Therefore, increasing the muscle carnosine content can improve muscle pH regulation, which could lead to performance improvements during exercise that is limited by the accumulation of these H+
We know that beta-alanine is the rate-limiting factor in muscle carnosine synthesis, hence why we only supplement with this amino acid. The pioneering study of Prof. Roger Harris showed that chronic supplementation of 4 weeks with beta-alanine can increase muscle carnosine content (Harris et al., 2006), with almost all subsequent studies showing increases across individuals with between 2 and 24 weeks of supplementation between 3.2 and 6.4 g/day.

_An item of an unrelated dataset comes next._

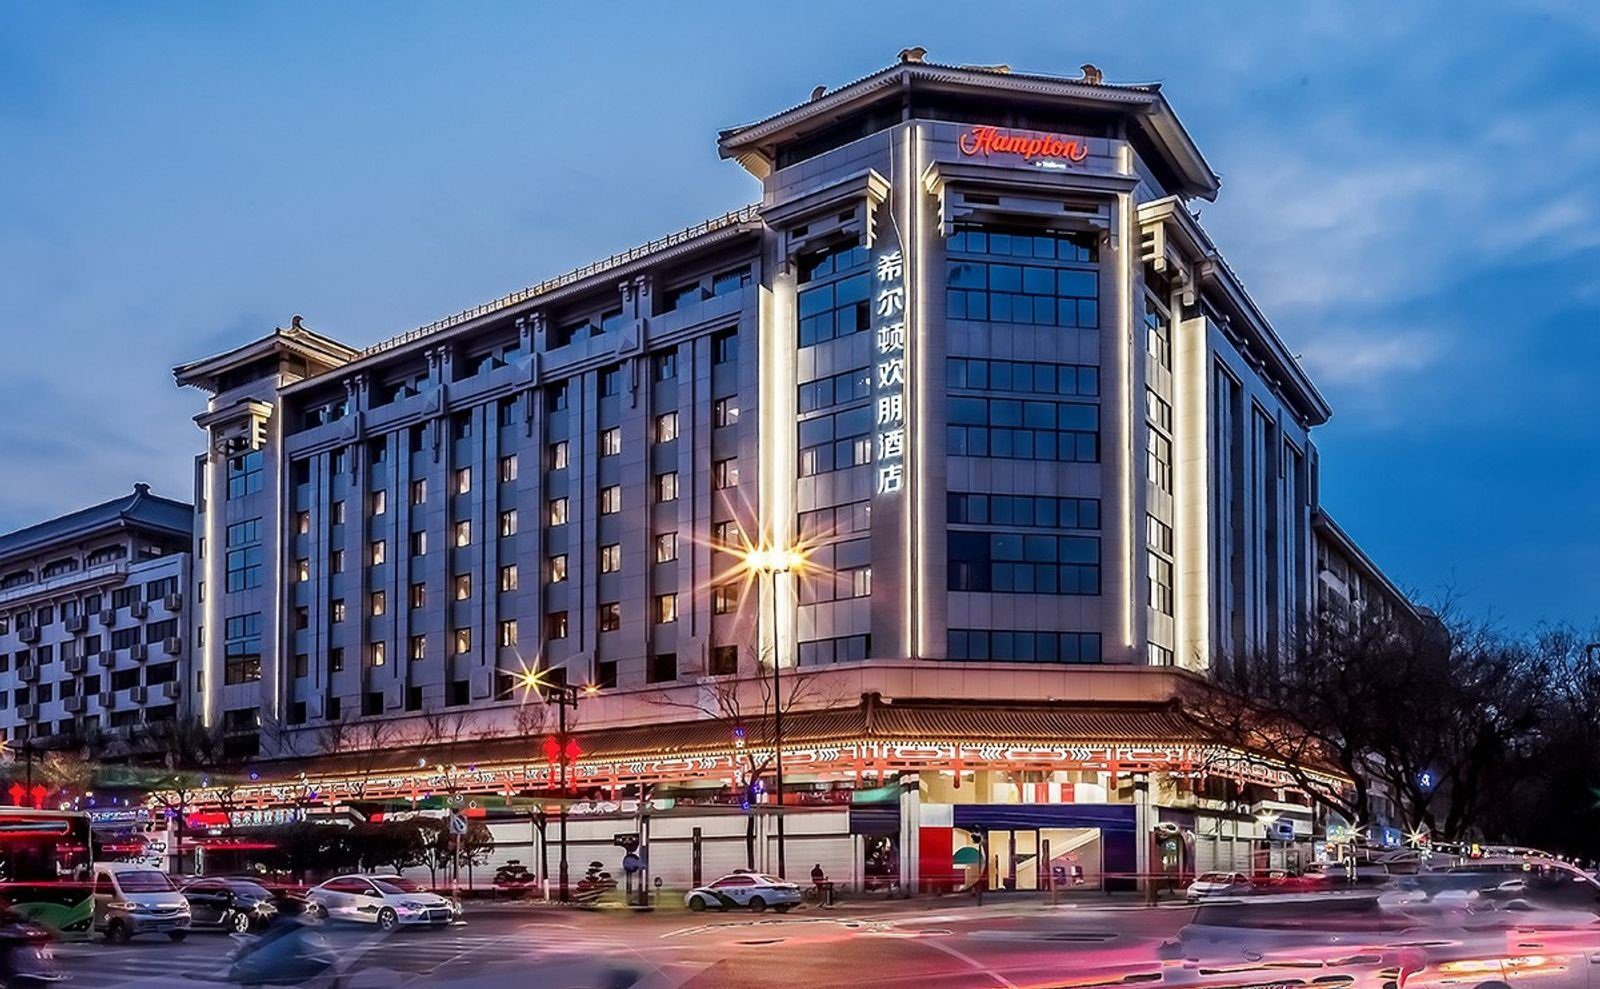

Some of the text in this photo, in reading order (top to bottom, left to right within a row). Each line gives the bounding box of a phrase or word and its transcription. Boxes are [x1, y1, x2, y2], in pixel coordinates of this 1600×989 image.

We performed a meta-analysis of all the evidence on beta-alanine supplementation on exercise available up until 2017 and showed that, on average, beta-alanine does lead to moderate improvements in exercise capacity and performance (Saunders et al., 2017). However, a couple of factors may modify this response, the most important being the duration of the exercise you undertake. Our results suggest that high-intensity exercise lasting between 30 s and 10 min is the timeframe most likely to benefit from beta-alanine supplementation. This includes, but is not limited to, sports such as 100 and 200 m swimming, 4-km time-trial cycling, 2000 m rowing and 800 m running. Exercise less than 30 s is not of sufficient duration to be affected by muscle acidosis, while endurance exercise is also less likely to be affected due to its more aerobic nature. That being said, it is possible that short periods of high-intensity activity performed throughout longer duration exercise may be improved with beta-alanine, such as a sprint finish at the end of a prolonged cycling race.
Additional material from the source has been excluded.